--- DATA SHOWN Enclosed Below ---

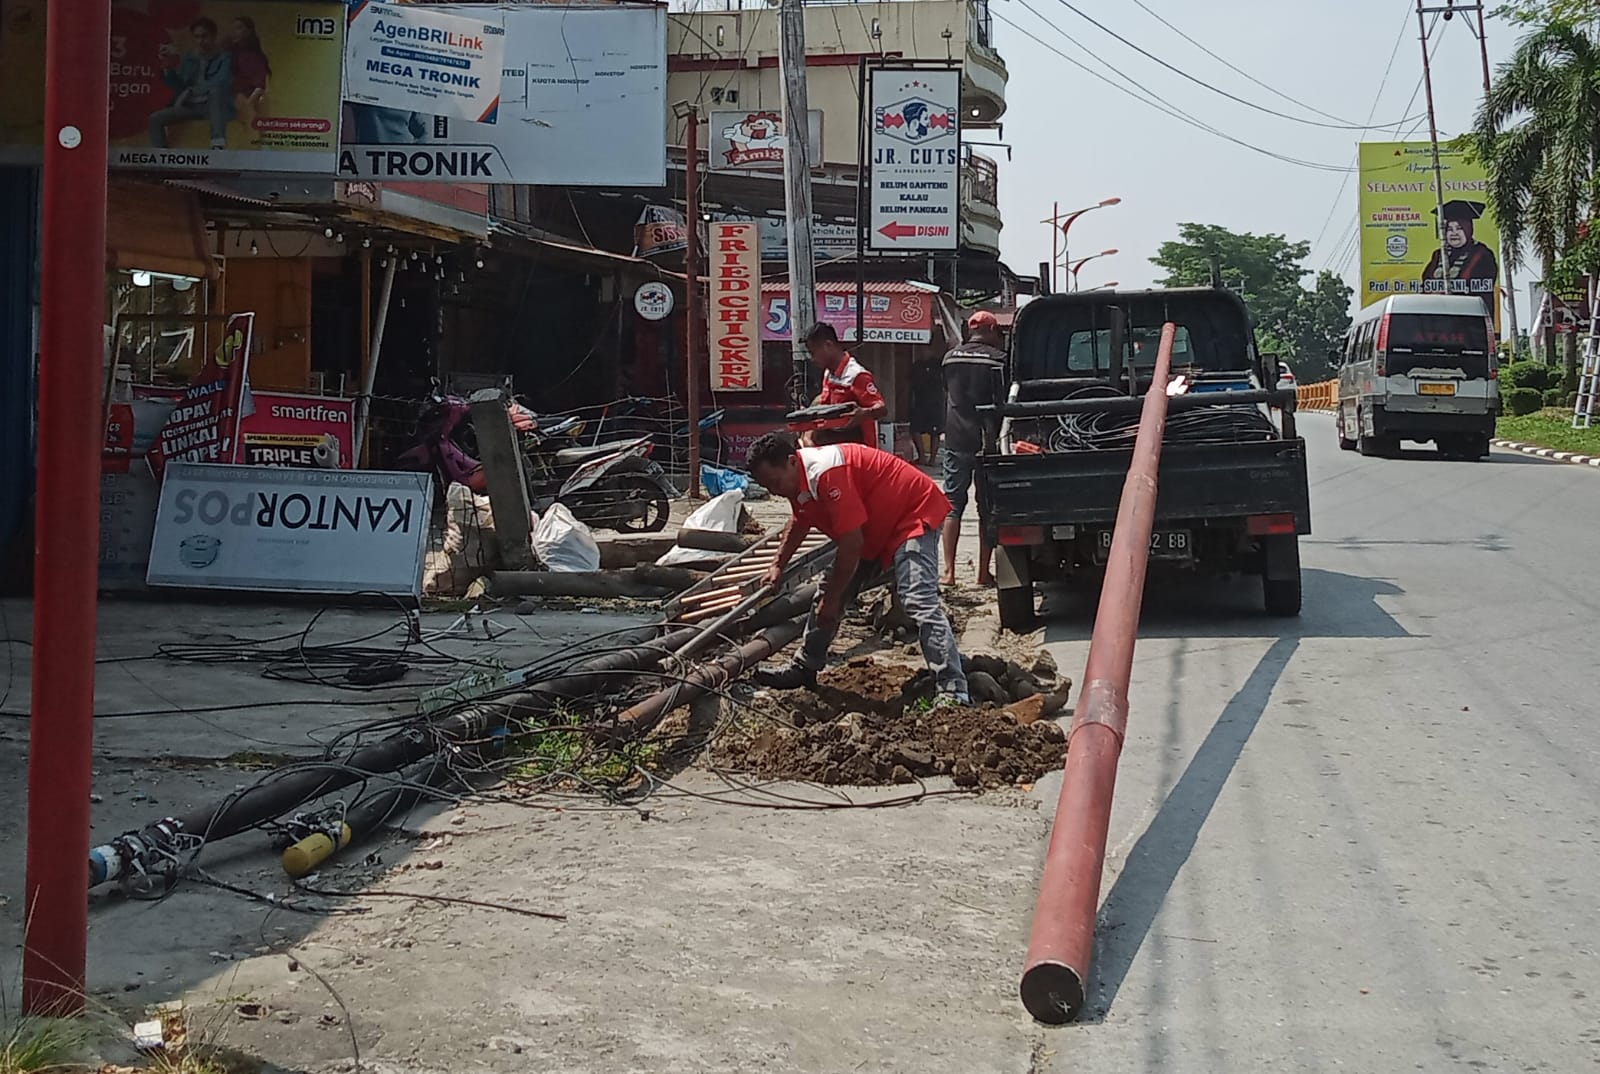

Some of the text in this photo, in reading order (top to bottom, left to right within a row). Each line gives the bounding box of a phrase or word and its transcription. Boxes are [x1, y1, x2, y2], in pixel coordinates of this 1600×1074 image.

[373, 19, 484, 51] AgenBRILink
[366, 59, 414, 78] MEGA
[419, 68, 481, 88] TRONIK
[119, 154, 209, 165] MEGA TRONIK
[366, 151, 492, 176] TRONIK
[735, 150, 785, 164] Amig
[875, 148, 956, 164] JR. CUTS
[1367, 182, 1424, 192] SELAMAT
[1444, 181, 1488, 191] SUKSE
[1372, 213, 1421, 221] GURU BESAR
[917, 226, 949, 237] DISINI
[718, 226, 750, 291] FRIED
[1369, 281, 1391, 291] Prof.
[1394, 281, 1406, 291] Dr.
[1410, 281, 1424, 294] Hj.
[1425, 280, 1469, 294] SURANI,
[718, 296, 750, 388] CHICKEN
[895, 331, 923, 341] CELL
[166, 400, 212, 425] OPAY
[272, 405, 347, 423] smartfren
[251, 448, 312, 464] TRIPLE
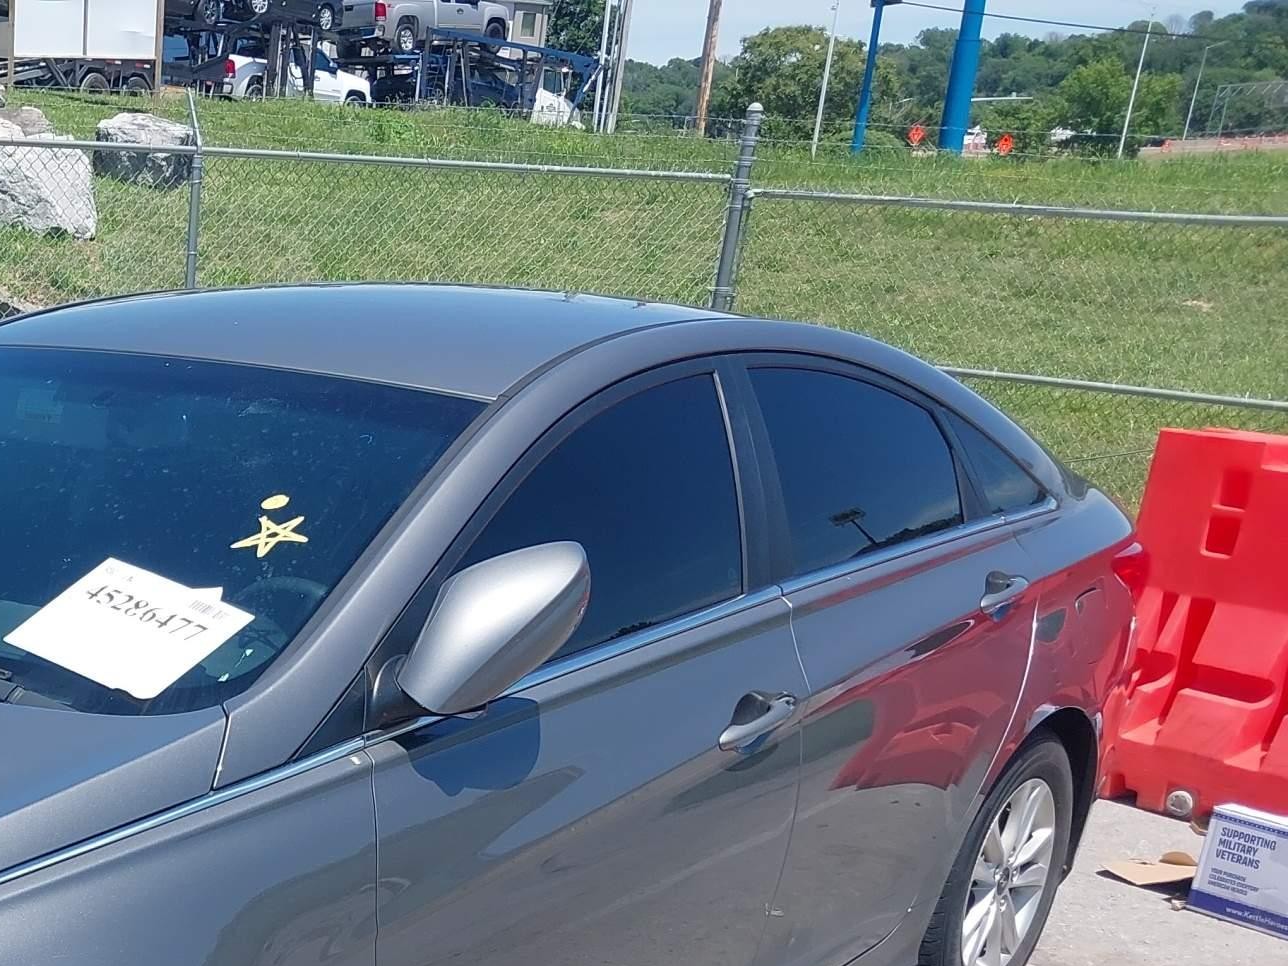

--- End of Enclosed DATA SHOWN ---

__ASSIGNMENT__
Print the data word for word and omit the pictures.

__ANSWER SPACE__
Some of the text in this photo, in reading order (top to bottom, left to right within a row). Each line gives the bounding box of a phrase or word and its transcription. Boxes are [x1, y1, x2, y2], in pixel coordinates of this 1600×1074 image.

[373, 19, 484, 51] AgenBRILink
[366, 59, 414, 78] MEGA
[419, 68, 481, 88] TRONIK
[119, 154, 209, 165] MEGA TRONIK
[366, 151, 492, 176] TRONIK
[735, 150, 785, 164] Amig
[875, 148, 956, 164] JR. CUTS
[1367, 182, 1424, 192] SELAMAT
[1444, 181, 1488, 191] SUKSE
[1372, 213, 1421, 221] GURU BESAR
[917, 226, 949, 237] DISINI
[718, 226, 750, 291] FRIED
[1369, 281, 1391, 291] Prof.
[1394, 281, 1406, 291] Dr.
[1410, 281, 1424, 294] Hj.
[1425, 280, 1469, 294] SURANI,
[718, 296, 750, 388] CHICKEN
[895, 331, 923, 341] CELL
[166, 400, 212, 425] OPAY
[272, 405, 347, 423] smartfren
[251, 448, 312, 464] TRIPLE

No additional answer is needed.